На Таню накатывал сон, она боролась с ним и то и дело мыслями возвращалась к записи с регистратора – неужели сигнал не прошел? Ольга не получила видео? Она ведь должна понимать, что, если они не выходят на связь, значит, все плохо? Но если так, то где она? Почему их еще не спасли?
Рыдания сменились тихим плачем, и Таня уже не знала, кто именно плачет, да и не важно было, – ей самой хотелось разрыдаться и без конца просить у всех прощения.

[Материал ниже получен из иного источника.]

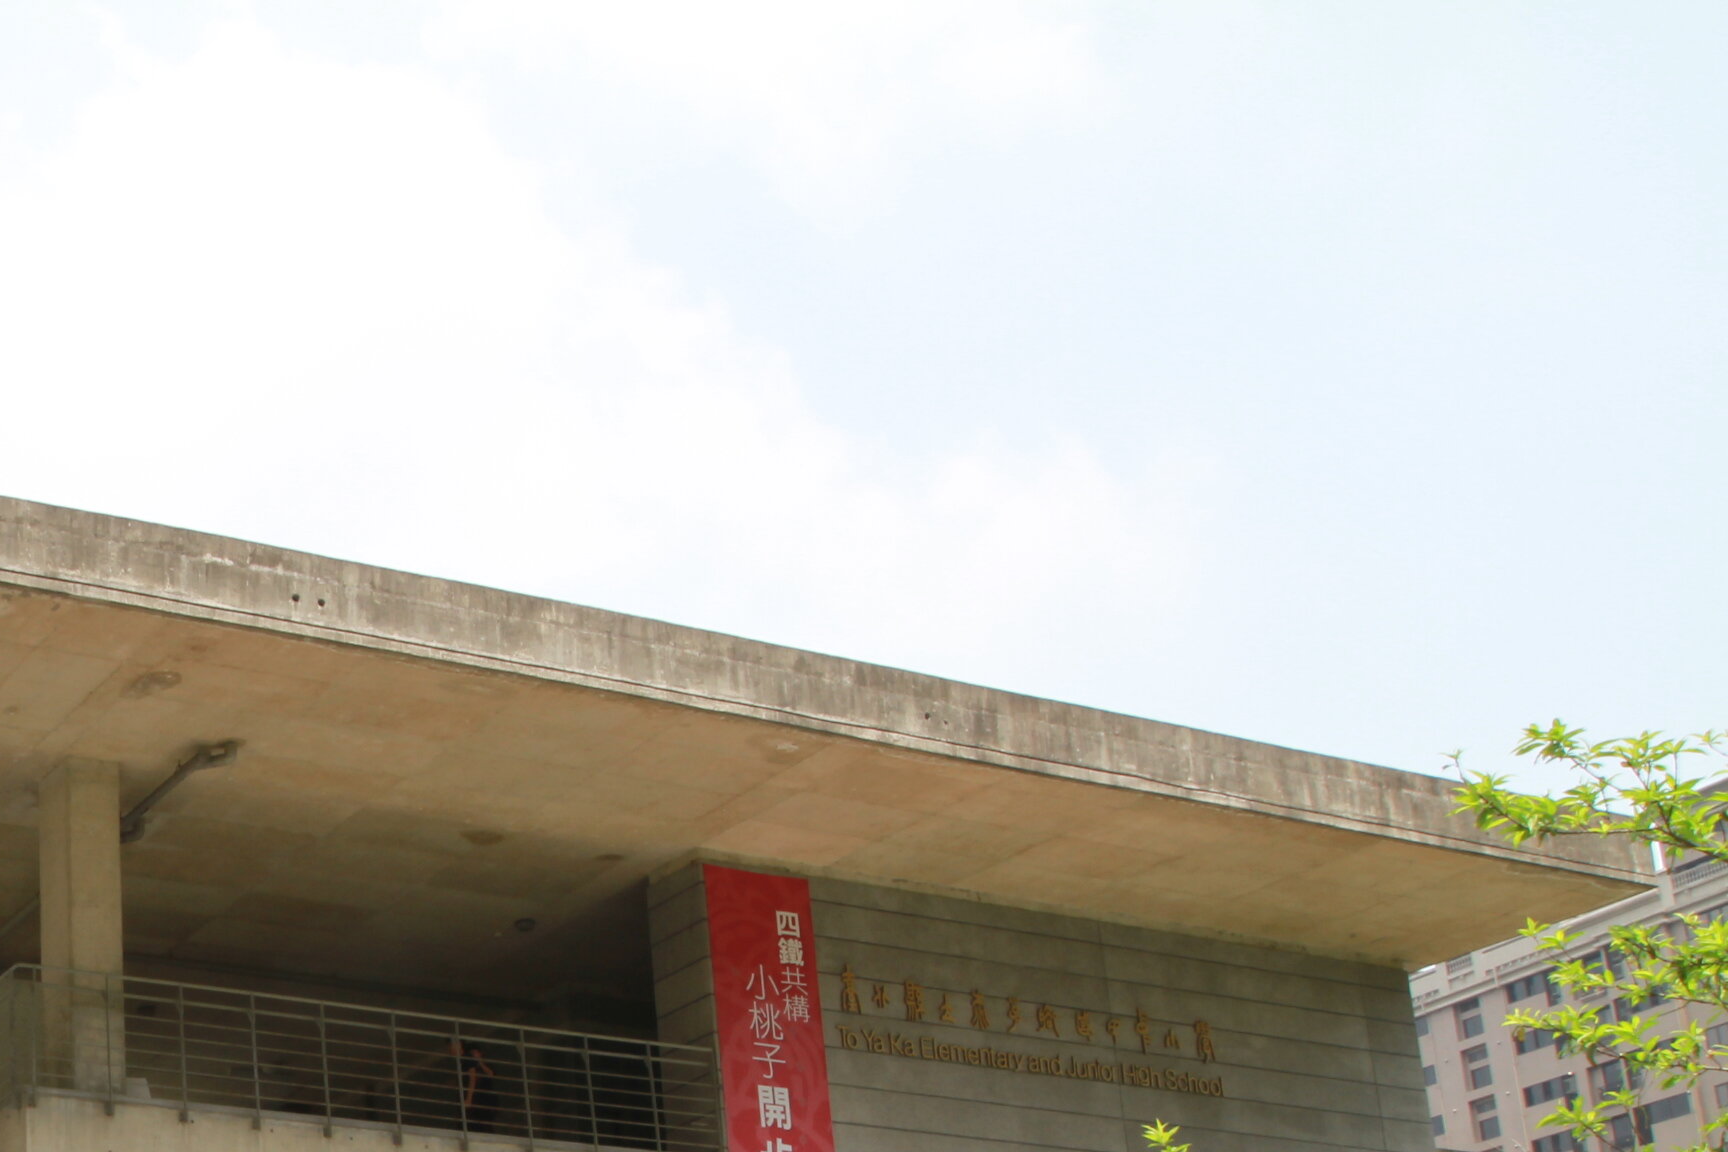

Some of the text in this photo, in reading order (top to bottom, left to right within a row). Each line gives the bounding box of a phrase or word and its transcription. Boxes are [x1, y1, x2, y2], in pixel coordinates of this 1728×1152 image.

[775, 910, 811, 1024] 四鐵共構
[836, 1024, 1225, 1098] To Ya Ka Elementary and Junior High School

Это моя вина, я виновата, повторяла она. Но даже мысли постепенно отступали и растворялись в одной-единственной – в мысли о холоде, господи, как же холодно.
Люк сверху снова задвигался, и в яму ударил предутренний свет – звездного неба больше не было, наверху рассветало.
– Чистая вода да очистит. Чистая вода да очистит.
И снова плеск воды.
– Не надо! Не надо, пожалуйста!
Таня не знала, кто кричал – голос был хриплый, простуженный, сорванный. Она почувствовала жжение в глазах, в нос ударил резкий запах. Кто-то схватил Таню за плечо, голос Ильи:
– Не дыши этим! Они хлорки насыпали.
Илья оторвал рукав, намочил и прижал к лицу Тани.